2. The agitator ball mill according to claim 1, wherein the sedimentation centrifuge has an essentially cup-like outer rotor and a coaxial inner rotor which is connected to the outer rotor in a rotationally fixed manner, wherein an essentially annular centrifuge chamber is located between the outer rotor and the inner rotor.

3. The agitator ball mill according to claim 2, wherein the inner rotor is connected to a base part of the outer rotor via a coaxial separator tube.

4. The agitator ball mill according to claim 3, wherein the separator tube is provided along its circumference with through-openings for the ground or dispersed material.

5. The agitator ball mill according to claim 4, wherein the sedimentation centrifuge can be driven in rotation via a hollow shaft which is led through an end wall of the grinding chamber, and in that the separator tube opens out coaxially into the hollow shaft.

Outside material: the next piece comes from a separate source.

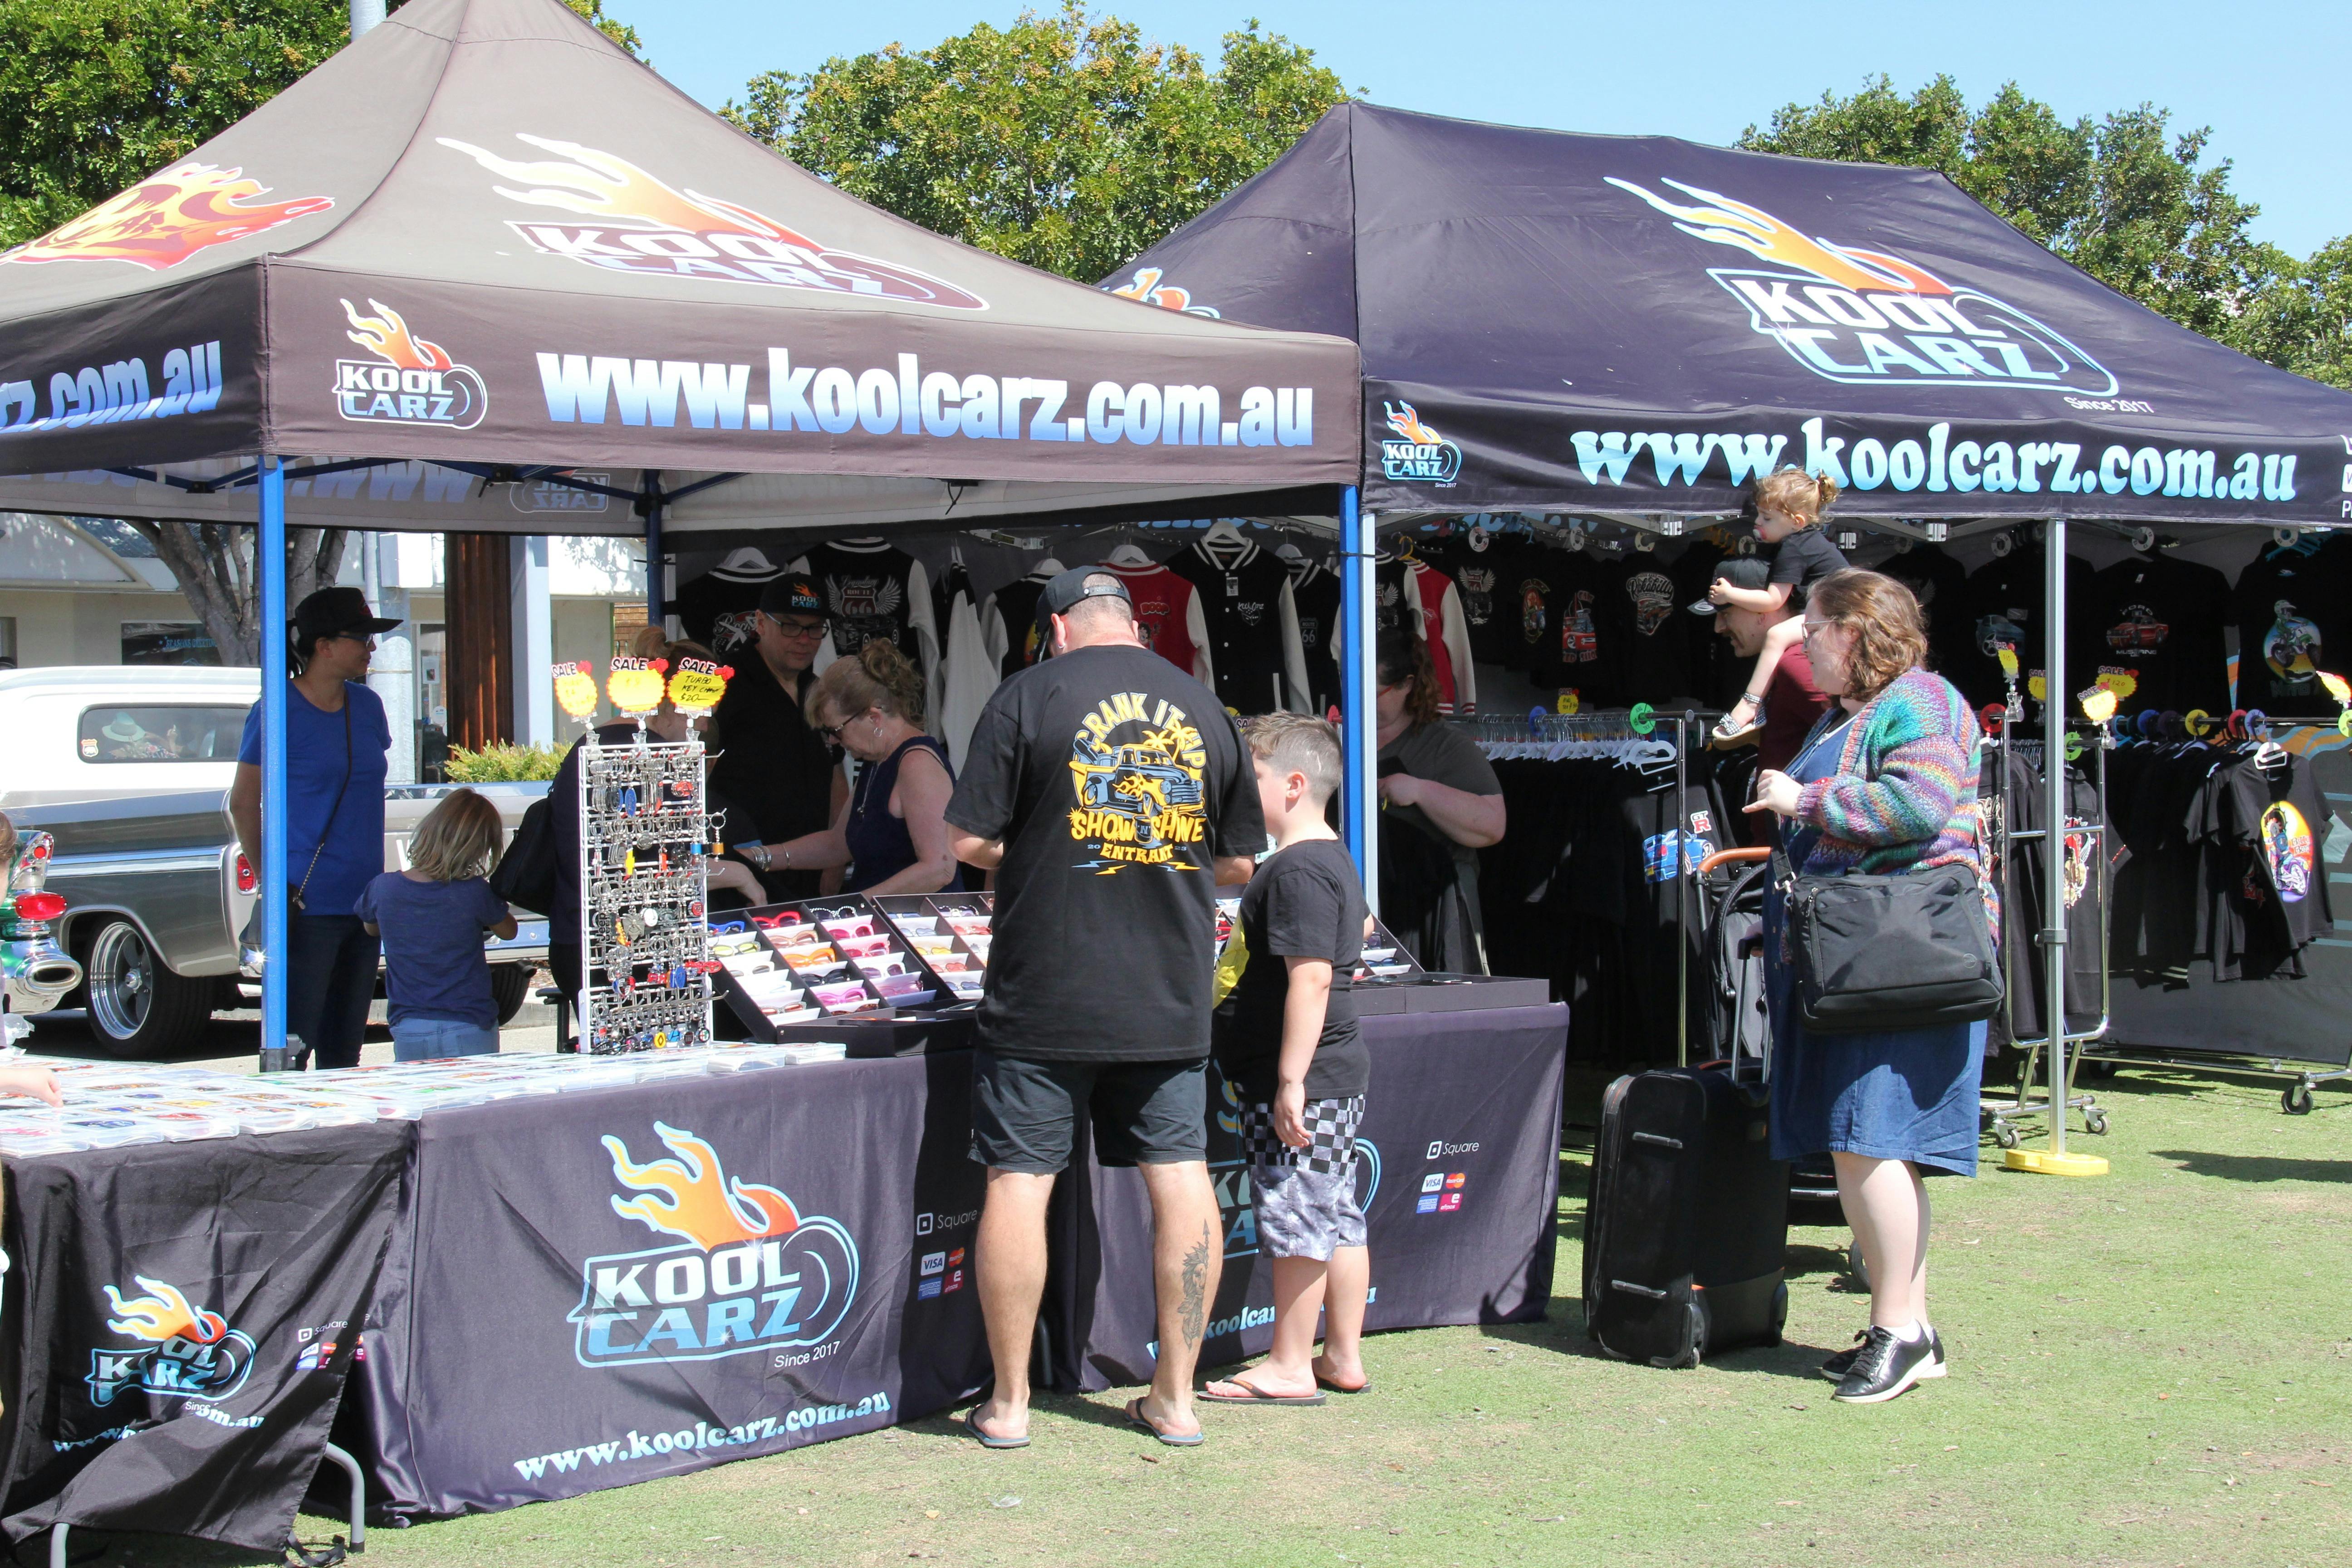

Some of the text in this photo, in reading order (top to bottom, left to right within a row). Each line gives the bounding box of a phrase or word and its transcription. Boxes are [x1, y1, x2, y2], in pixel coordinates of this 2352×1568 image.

6. The agitator ball mill according to claim 2, wherein the outer rotor is provided along its circumference with through-openings for separated-off grinding bodies.

7. The agitator ball mill according to claim 2, wherein the inner rotor has, at its end which is directed towards the entrance, a preferably conical end surface which forms an annular channel with a radially inwardly directed annular flange of the outer rotor.

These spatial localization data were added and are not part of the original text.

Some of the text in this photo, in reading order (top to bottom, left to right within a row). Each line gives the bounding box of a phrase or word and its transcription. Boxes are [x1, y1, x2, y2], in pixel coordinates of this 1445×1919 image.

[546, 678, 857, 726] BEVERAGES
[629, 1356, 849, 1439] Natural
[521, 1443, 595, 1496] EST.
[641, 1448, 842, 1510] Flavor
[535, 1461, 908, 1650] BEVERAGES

8. The agitator ball mill according to claim 1, wherein the sedimentation centrifuge is designed as a disc separator.

9. The agitator ball mill according to claim 3, wherein at least one preferably conical separator disc is arranged on the separator tube.

10. The agitator ball mill according to claim 9, wherein a plurality of separator discs are arranged, preferably at equal spacings, on the separator tube, and wherein the through-openings of the separator tube are arranged between, and laterally alongside, the separator discs.

11. The agitator ball mill according to claim 1, wherein the sedimentation centrifuge is designed as a decanter, the inner rotor being of essentially cylindrical design and having a preferably conical end surface.

12. The agitator ball mill according to claim 1, wherein the agitator and the sedimentation centrifuge are designed such that they can be driven in rotation either independently of one another or together.

13. The agitator ball mill according to claim 1, wherein the provision of conveying means which allow grinding bodies which have passed out of the sedimentation centrifuge to be conveyed back into the grinding space of the grinding chamber containing the agitator.

14. The agitator ball mill according to claim 1, further having a deflecting means which is arranged, at least in part, around the at least one agitating means, wherein the deflecting means is either static, e.g. is arranged at a fixed location in the grinding chamber, or dynamic, e.g. is formed by an extension of the outer rotor of the sedimentation centrifuge.

15. The agitator ball mill according to claim 1, further comprising, in the grinding chamber, an additional inlet for feeding in additional product suspension or liquid phase of the product suspension and/or dispersant.